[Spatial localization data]
——————————
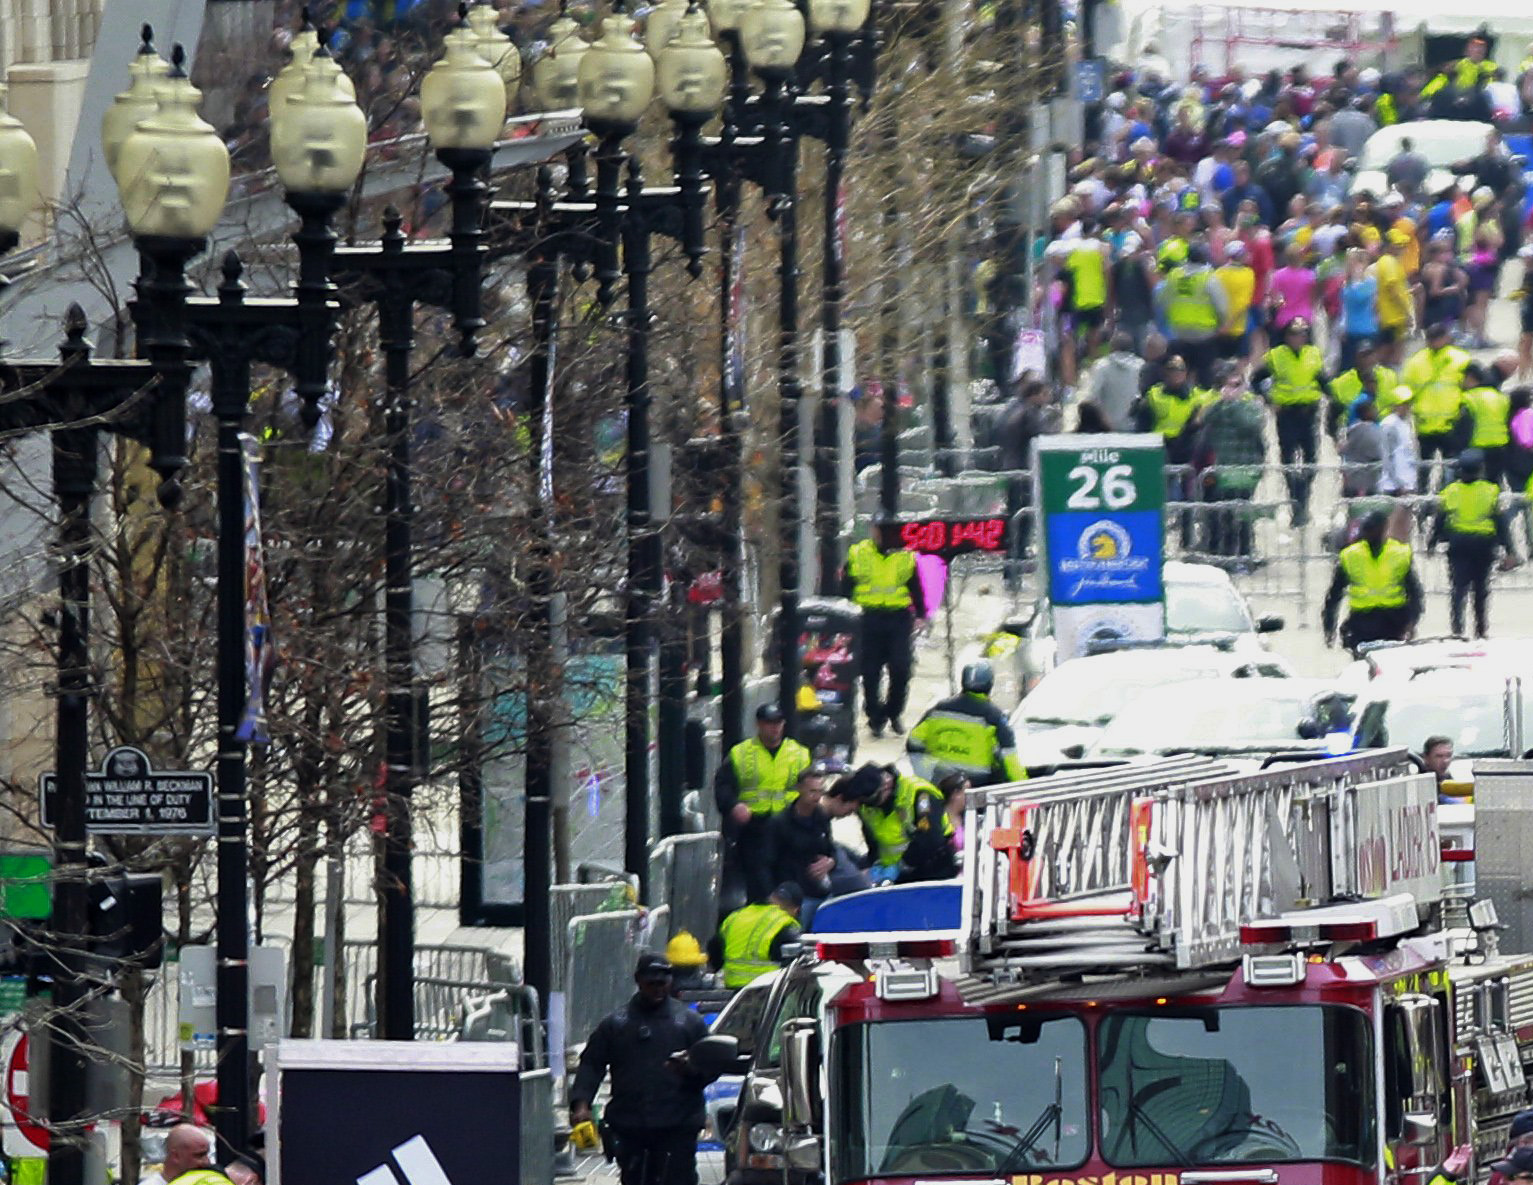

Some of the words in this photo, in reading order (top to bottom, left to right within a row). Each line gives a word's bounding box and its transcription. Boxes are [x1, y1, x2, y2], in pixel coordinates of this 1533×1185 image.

[1066, 465, 1137, 510] 26
[107, 795, 124, 805] THE
[126, 795, 148, 805] LINE
[166, 794, 192, 805] DUTY
[85, 808, 140, 819] TEMBER
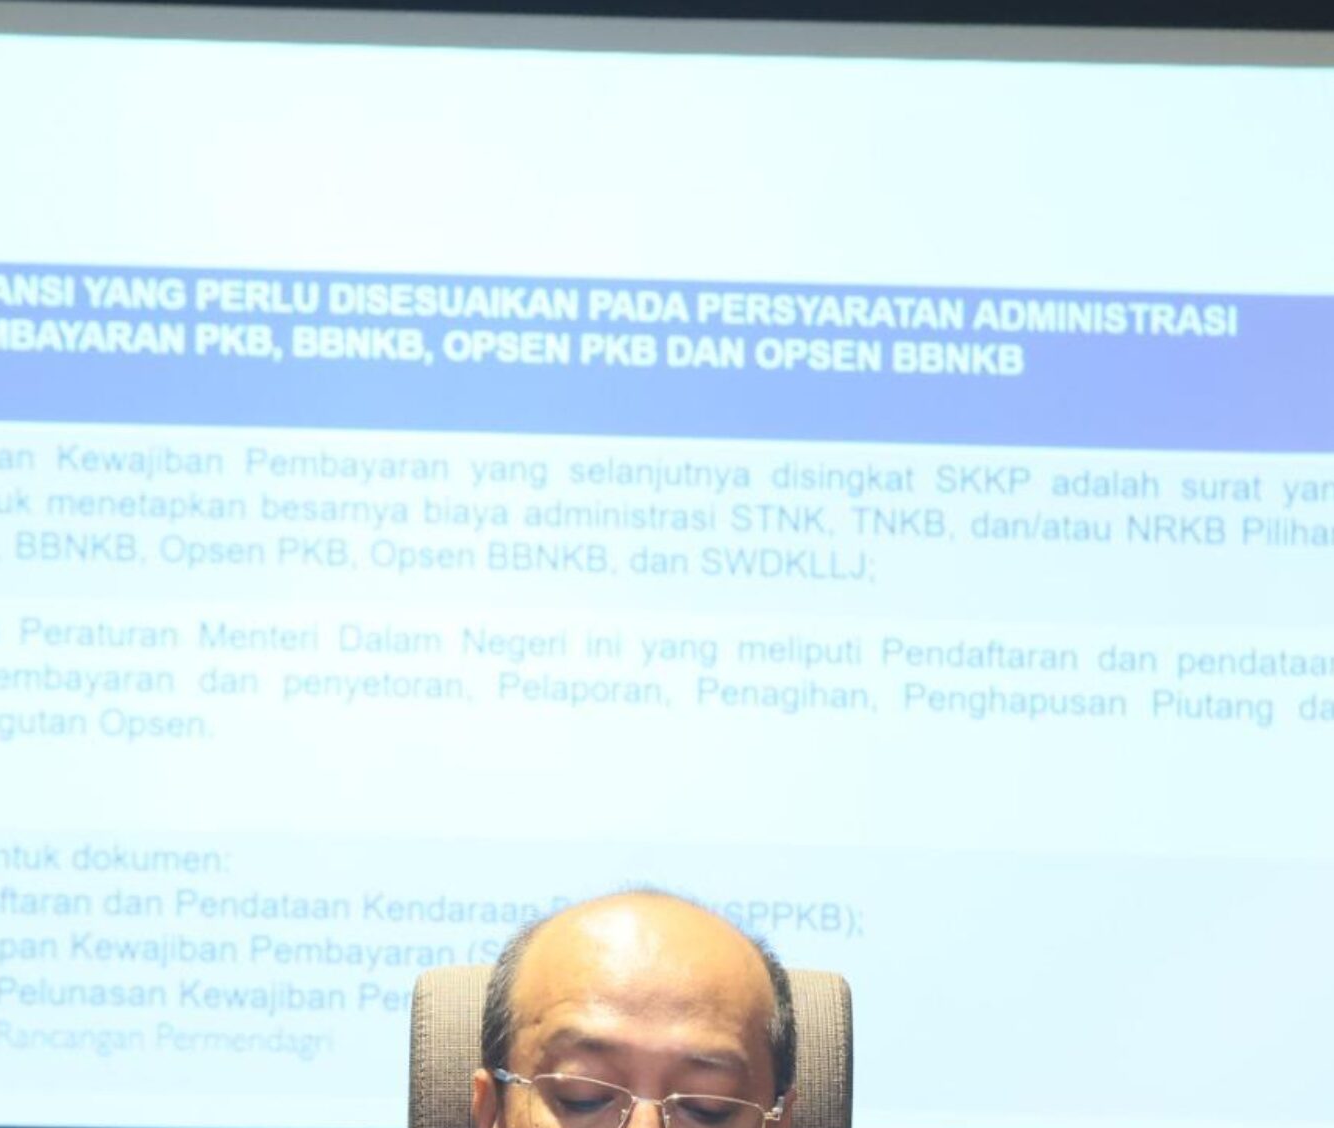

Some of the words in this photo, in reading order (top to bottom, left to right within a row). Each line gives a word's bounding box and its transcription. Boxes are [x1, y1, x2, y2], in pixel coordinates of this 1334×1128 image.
——————————
Work item: Would you write out each entry word for word and omit the images?

Result of this task:
Some of the words in this photo, in reading order (top to bottom, left to right within a row). Each line gives a word's bounding box and its transcription. Boxes are [x1, y1, x2, y2], in pixel coordinates of this 1533×1185 image.

[1066, 465, 1137, 510] 26
[107, 795, 124, 805] THE
[126, 795, 148, 805] LINE
[166, 794, 192, 805] DUTY
[85, 808, 140, 819] TEMBER

Some of the words in this photo, in reading order (top to bottom, left to right within a row). Each line gives a word's bounding box and its transcription. Boxes are [x1, y1, x2, y2], in pixel coordinates of this 1334×1128 image.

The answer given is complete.